Tim Lee calls for “new, creative thinking” on Internet regulation, and he offers a list of several developments in the broadband market to help frame the debate:
1. The wireless market has been well served by competition among the four major cell phone carriers, despite fears that wireless network operators would stymie innovation.
2. The residential broadband market, in contrast, has seen comparatively modest gains, as incumbent telephone companies have failed to invest enough to challenge entrenched cable providers. Satellite and DSL services represent an alternative in theory, yet the quality of these services is substantially lower than that of cable broadband. It is at least possible that we see new wireless breakthroughs that will shake cable providers out of their complacency. But until then, the prospects for meaningful improvements in the quality of residential broadband service look grim.

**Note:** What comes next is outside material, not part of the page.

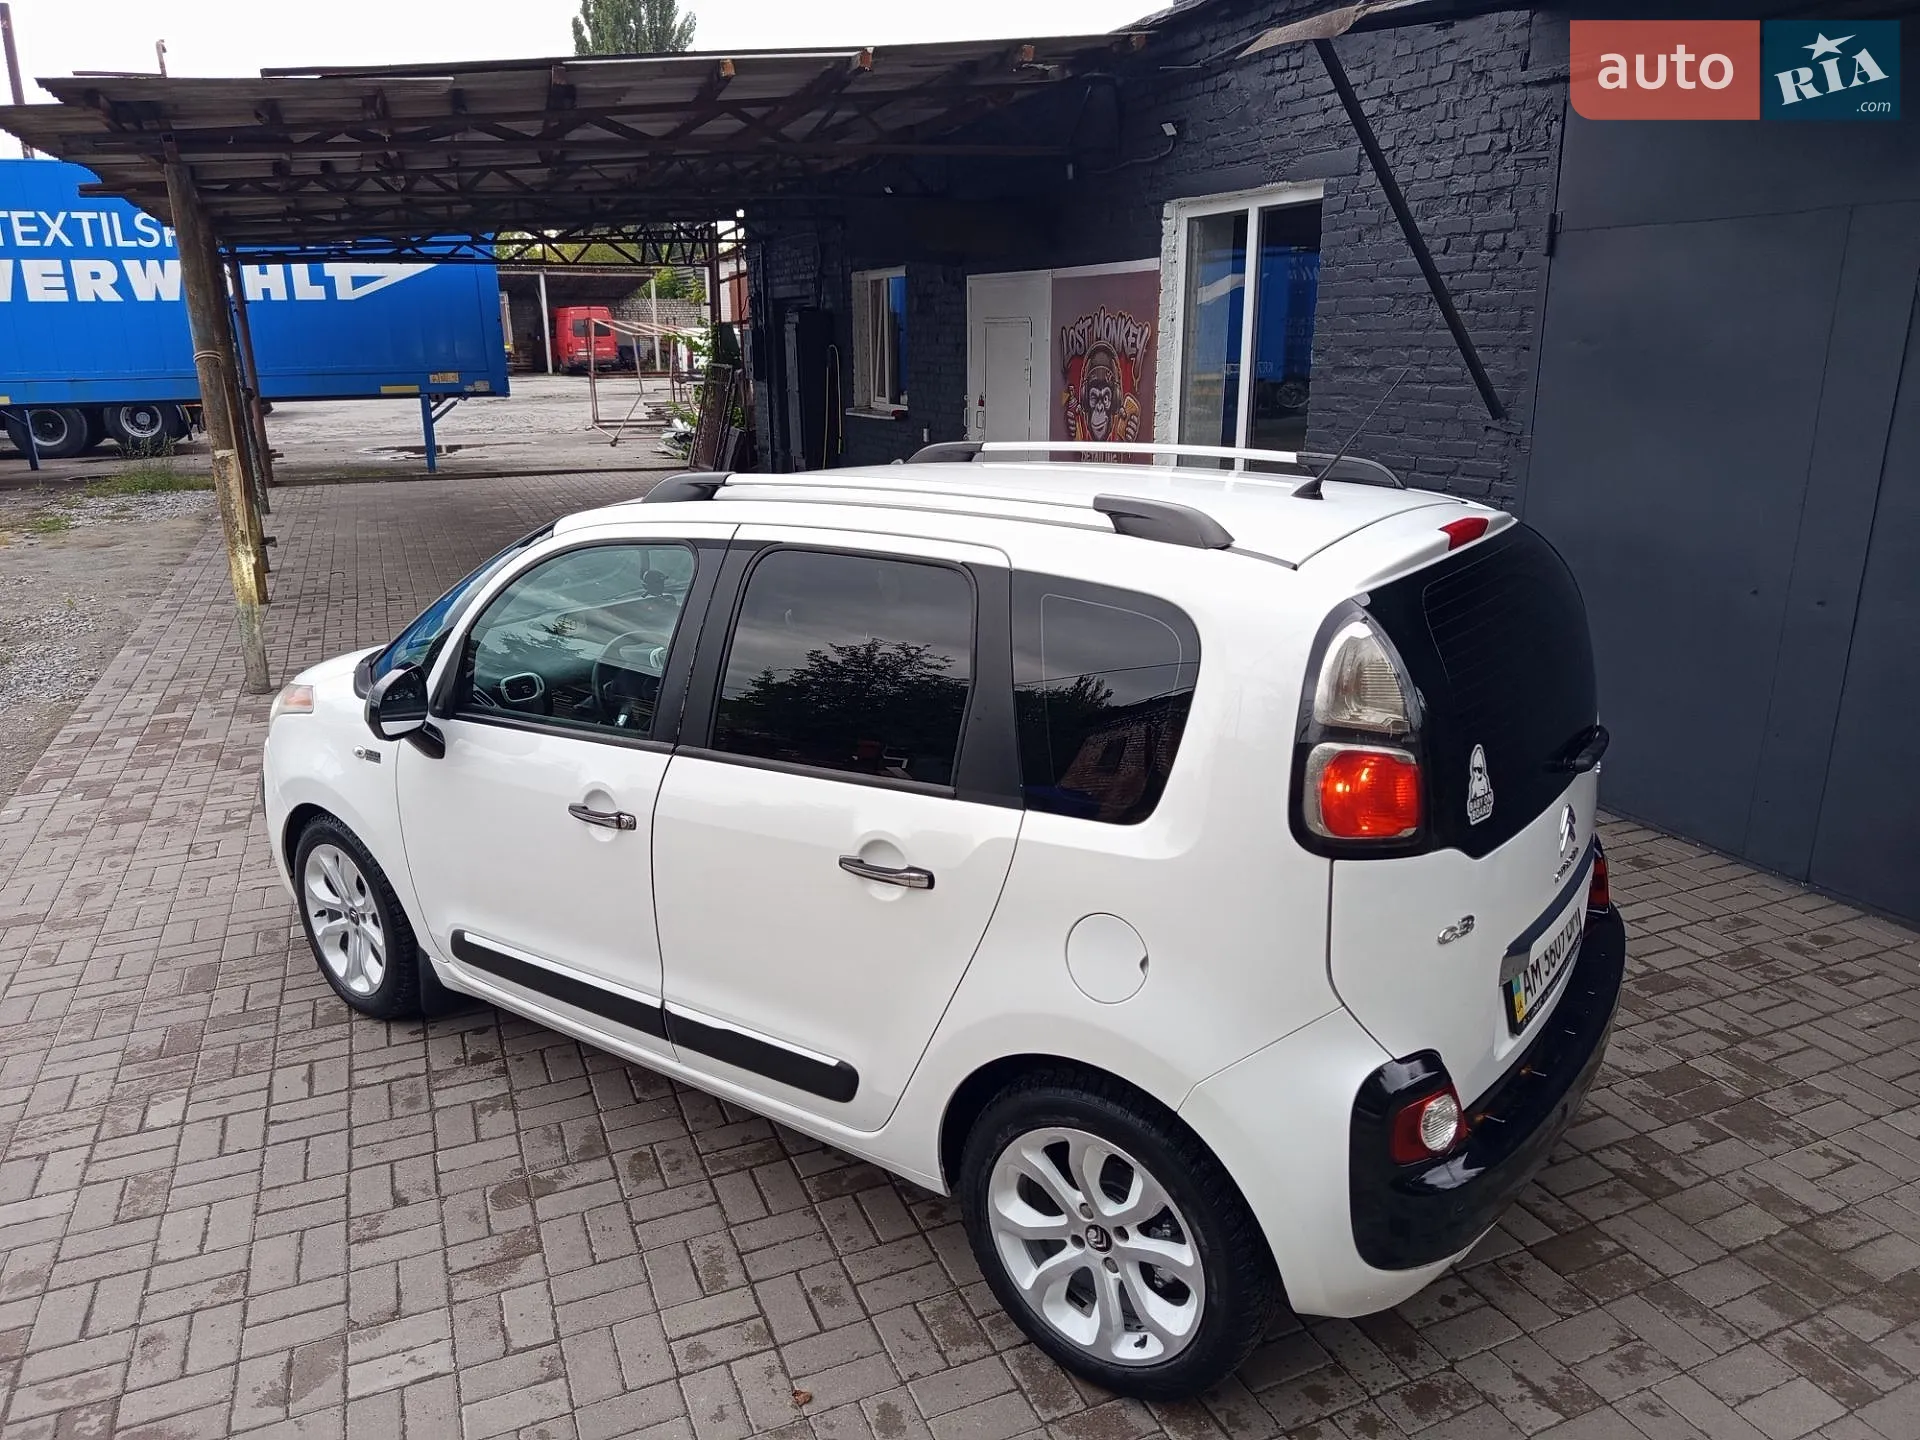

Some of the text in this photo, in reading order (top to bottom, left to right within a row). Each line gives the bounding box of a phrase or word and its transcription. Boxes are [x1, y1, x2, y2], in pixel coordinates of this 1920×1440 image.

3. Outside of a few niche projects in college towns and select cities, there seems to be no prospect of a larger move towards gigabit fiber networks.
4. While network neutrality advocates once warned that ISPs would block or degrade access to VoIP services or websites that refused to pony up for privileged access to consumers, the rise of smartphones has made such heavy-handed intervention much less likely. It is true, however, that ISPs might at some point choose to discriminate against streaming services like Netflix, which both rely on cable providers (to access their consumers bia residential broadband) and compete with them (in offering content), and this raises legitimate concerns.
5. And finally, Tim suggests that net neutrality regulations are unlikely to prevent broadband incumbents from using their market power to against competitors, as foreshadowed by Comcast’s successful effort to (indirectly) extract payment from Netflix for the cost of network upgrades.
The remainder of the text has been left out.